Hypoxia reveals a polyaneuploid cancer cell phenotype with features implicated in tumor escape and early metastasis
Presenter: Noreen Hosny, BA Session: Migration and Invasion Time: 4/20/2026 2:00:00 PM → 4/20/2026 5:00:00 PM
Authors
Noreen Hosny 1 , Shengkai Li 2 , Sarah R. Amend 3 , Arwa Abdelshafy 1 , Robert A. Gatenby 4 , Kenneth J. Pienta 3 , Joel Brown 4 , Junle Qu 5 , Robert H. Austin 2 1 Department of Molecular Biology, Princeton University, Princeton, NJ, 2 Department of Physics, Princeton University, Princeton, NJ, 3 Johns Hopkins School of Medicine, Baltimore, MD, 4 Moffitt Cancer Center, Tampa, FL, 5 Shenzhen University, Shenzhen, China
Abstract
Ten million people die every year globally due to metastasis, as metastatic disease remains largely incurable with existing therapies. Polyaneuploid cancer cells (PACCs), which are large, endoreplicated cells that arise in response to environmental stressors, have recently been shown to possess an increased capacity for metastatic behavior. Prior studies have enriched for PACCs using high doses of chemotherapy and have demonstrated their altered nutrient-sensing capabilities, yet the dynamics of PACCs within a native, tumor-like hypoxic microenvironment remain poorly defined. In this study, we use our previously established in vitro membrane-based culture system that allows cancer cells to self-generate physiologically relevant oxygen gradients. Prostate cancer cells rest beneath an acrylic plug and consume the limited oxygen available directly beneath it, while oxygen diffuses inward from the plug periphery to generate a stable radial gradient.
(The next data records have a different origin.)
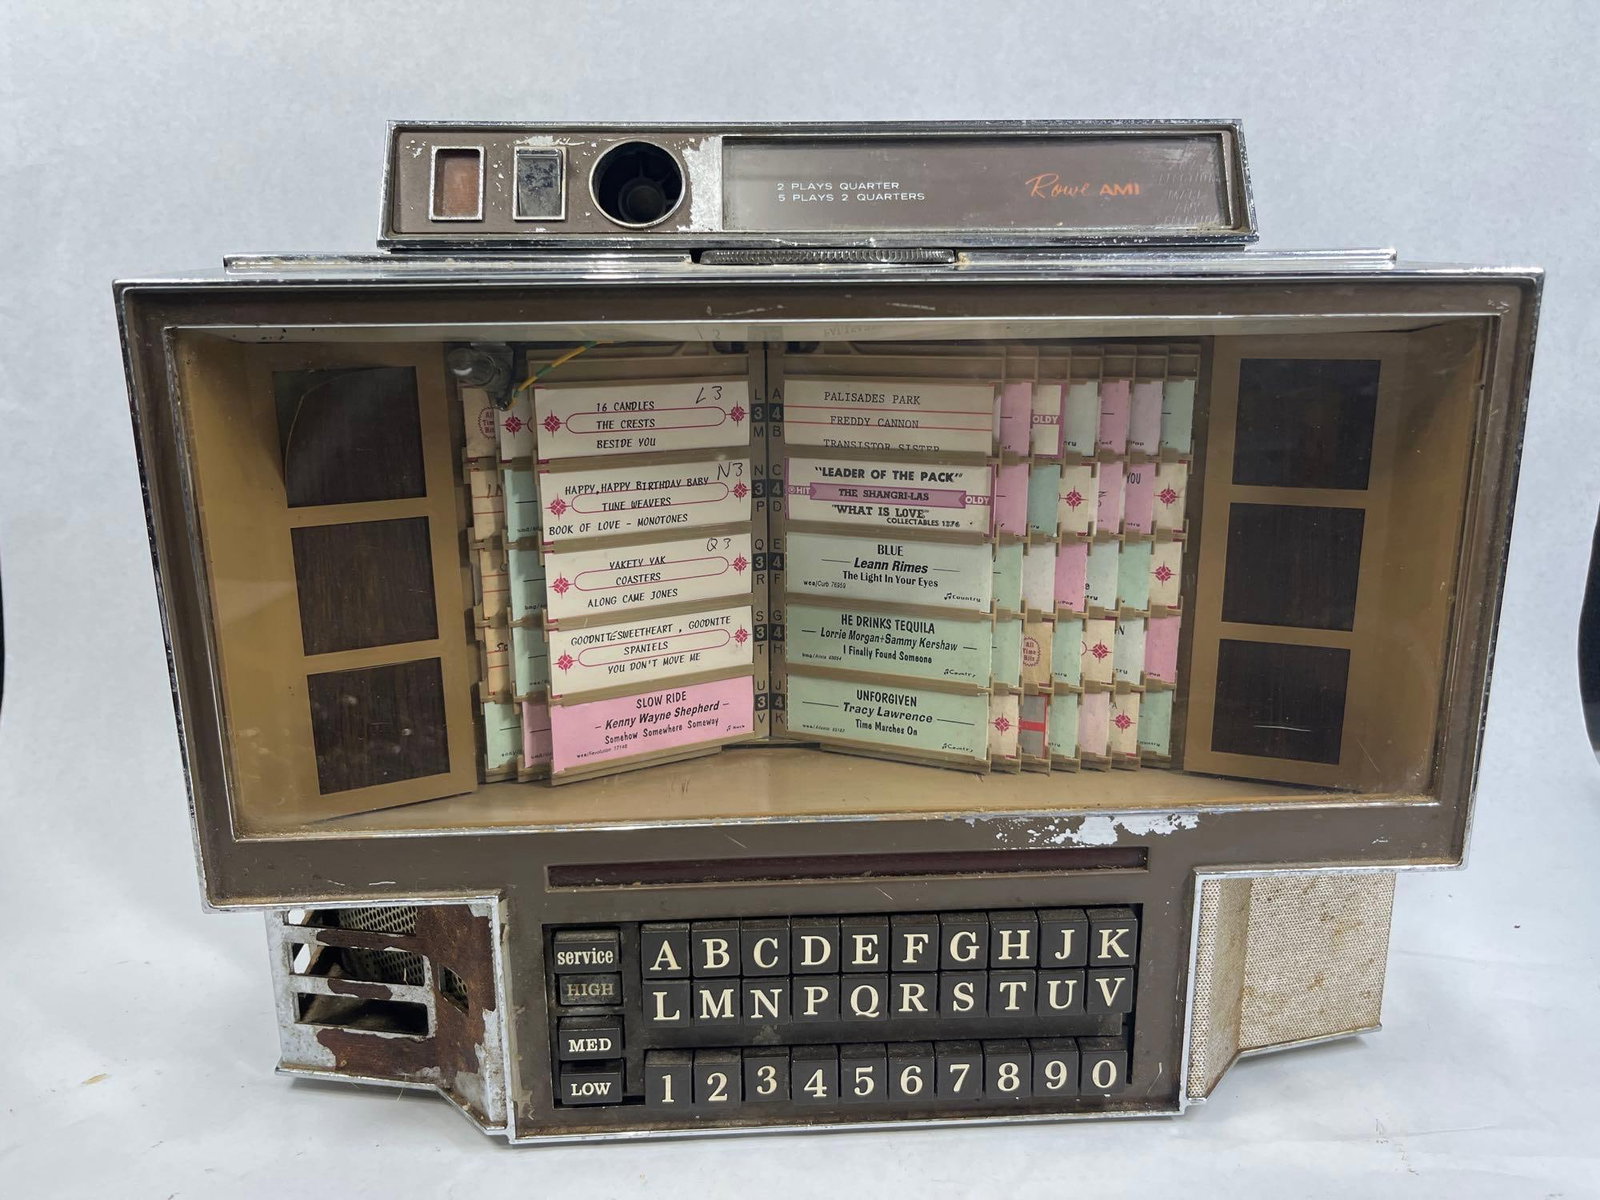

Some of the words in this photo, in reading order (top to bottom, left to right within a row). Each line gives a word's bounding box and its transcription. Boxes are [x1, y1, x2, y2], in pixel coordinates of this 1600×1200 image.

[840, 182, 899, 190] QUARTER
[1025, 173, 1089, 198] Rowe
[1100, 183, 1139, 196] AMI
[857, 193, 925, 201] QUARTERS
[755, 389, 761, 399] L
[773, 389, 781, 399] A
[824, 391, 885, 403] PALISADES
[892, 395, 921, 405] PARK
[596, 402, 608, 412] 16
[613, 401, 655, 411] CANDLES
[754, 407, 762, 419] 3
[772, 407, 781, 419] 4
[596, 420, 615, 430] THE
[620, 419, 655, 429] CRESTS
[830, 416, 870, 426] FREDDY
[877, 418, 919, 429] CANNON
[1033, 415, 1058, 424] OLDY
[754, 427, 763, 437] M
[773, 426, 781, 437] B
[596, 439, 633, 449] BESIDE
[638, 438, 656, 448] YOU
[755, 465, 763, 475] N
[772, 465, 781, 475] C
[871, 469, 887, 479] OF
[892, 470, 914, 480] THE
[636, 478, 682, 491] BIRTHDAY
[687, 477, 709, 486] BABY
[755, 483, 762, 494] 3
[772, 483, 781, 494] 4
[838, 488, 858, 497] THE
[863, 490, 929, 501] SHANGRI-LAS
[965, 496, 990, 504] OLDY
[602, 502, 626, 512] TUNE
[631, 497, 672, 509] WEAVERS
[757, 501, 764, 511] P
[773, 501, 781, 511] D
[878, 507, 890, 516] IS
[549, 525, 574, 536] BOOK
[579, 523, 591, 533] OF
[598, 520, 620, 531] LOVE
[637, 513, 688, 526] MONOTONES
[887, 517, 939, 527] COLLECTABLES
[755, 539, 763, 550] Q
[774, 539, 781, 549] E
[877, 544, 904, 557] BLUE
[756, 556, 763, 568] 3
[773, 556, 781, 568] 4
[854, 557, 889, 571] Leann
[892, 560, 928, 574] Rimes
[615, 572, 661, 586] COASTERS
[757, 574, 764, 584] R
[775, 574, 781, 584] F
[842, 571, 858, 580] The
[860, 571, 883, 583] Light
[884, 575, 893, 583] In
[895, 576, 917, 585] Your
[918, 578, 938, 588] Eyes
[587, 596, 617, 608] ALONG
[622, 592, 645, 604] CAME
[651, 589, 678, 600] JONES
[756, 611, 763, 621] S
[773, 610, 782, 621] G
[688, 616, 731, 630] GOODNITE
[841, 614, 853, 626] HE
[856, 616, 892, 630] DRINKS
[895, 620, 935, 634] TEQUILA
[757, 627, 764, 638] 3
[774, 626, 782, 638] 4
[820, 627, 847, 640] Lorrie
[919, 637, 958, 651] Kershaw
[624, 641, 669, 656] SPANIELS
[757, 644, 764, 654] T
[774, 644, 782, 654] H
[848, 646, 872, 660] Finally
[875, 649, 896, 660] Found
[899, 650, 932, 664] Someone
[607, 663, 625, 674] YOU
[630, 659, 658, 672] DON'T
[663, 655, 685, 666] MOVE
[689, 652, 701, 662] ME
[757, 681, 765, 691] U
[636, 694, 662, 710] SLOW
[665, 691, 687, 704] RIDE
[758, 696, 765, 707] 3
[774, 696, 782, 707] 4
[856, 689, 917, 707] UNFORGIVEN
[605, 715, 636, 730] Kenny
[638, 710, 671, 727] Wayne
[673, 700, 719, 718] Shepherd
[758, 713, 765, 723] V
[776, 713, 783, 723] K
[843, 702, 874, 717] Tracy
[877, 706, 933, 723] Lawrence
[605, 731, 638, 745] Somehow
[643, 724, 683, 737] Somewhere
[687, 717, 719, 730] Someway
[856, 719, 872, 730] Time
[874, 721, 905, 735] Marches
[907, 726, 918, 736] On
[650, 940, 681, 970] A
[703, 938, 729, 969] B
[753, 937, 778, 968] C
[801, 935, 831, 965] D
[852, 934, 878, 964] E
[902, 934, 928, 963] F
[950, 932, 980, 961] G
[998, 930, 1030, 960] H
[1054, 930, 1075, 960] J
[1098, 928, 1130, 958] K
[557, 948, 614, 965] service
[567, 983, 614, 996] HIGH
[653, 992, 680, 1020] L
[700, 989, 735, 1019] M
[750, 989, 782, 1019] N
[803, 986, 829, 1015] P
[850, 984, 880, 1017] Q
[898, 984, 928, 1012] R
[953, 982, 974, 1011] S
[1000, 982, 1026, 1010] T
[1047, 980, 1077, 1010] U
[1096, 978, 1126, 1006] V
[569, 1038, 612, 1053] MED
[661, 1074, 674, 1102] 1
[707, 1072, 728, 1101] 2
[756, 1066, 777, 1094] 3
[804, 1069, 827, 1097] 4
[854, 1066, 874, 1096] 5
[900, 1066, 923, 1094] 6
[950, 1064, 970, 1092] 7
[998, 1062, 1020, 1092] 8
[1045, 1060, 1068, 1089] 9
[1092, 1060, 1117, 1088] 0
[571, 1082, 611, 1096] LOW
This is coupled with a phosphorescent oxygen-sensing film, whose signal increases in the absence of oxygen, enabling real-time spatial visualization and quantification of hypoxia. Prostate cancer-derived PACCs emerged in response to the hypoxic stress and were identified in real time using morphology-based criteria (≥1500 µm 2 area and ≥3-fold growth over 16 hours). Similar to previous reports in normoxia, long-term single-cell tracking under hypoxia revealed that PACCs exhibited significantly greater net displacement than non-PACCs, suggesting a heightened capacity to invade surrounding tissue during metastatic progression. PACCs also demonstrated a stronger directional bias toward higher oxygen regions within the gradient. This aerotactic behavior suggests two possible roles in PACC dynamics: (1) escape from severely hypoxic tumor regions for survival, and (2) migration toward oxygen-rich vasculature for intravasation during metastasis. Preliminary work in ovarian cancer cells demonstrates similarly enhanced motility of PACCs, suggesting that this phenotype may extend beyond prostate cancer. Altogether, these findings suggest that hypoxia shapes a PACC phenotype with enhanced motility and oxygen-directed migration, which may confer increased metastatic potential. Future work will incorporate hanging-drop tumor spheroids in this system to enable 3D modeling of hypoxic PACC behavior and determine whether aerotaxis facilitates outward migration toward oxygen-rich regions.
Disclosure
N. Hosny, None.. S. Li, None.. S. R. Amend, None.. A. Abdelshafy, None.. K. J. Pienta, None.. J. Qu, None.. R. H. Austin, None.
Cited in
Control: 7566 · Presentation Id: 6173 · Meeting 21436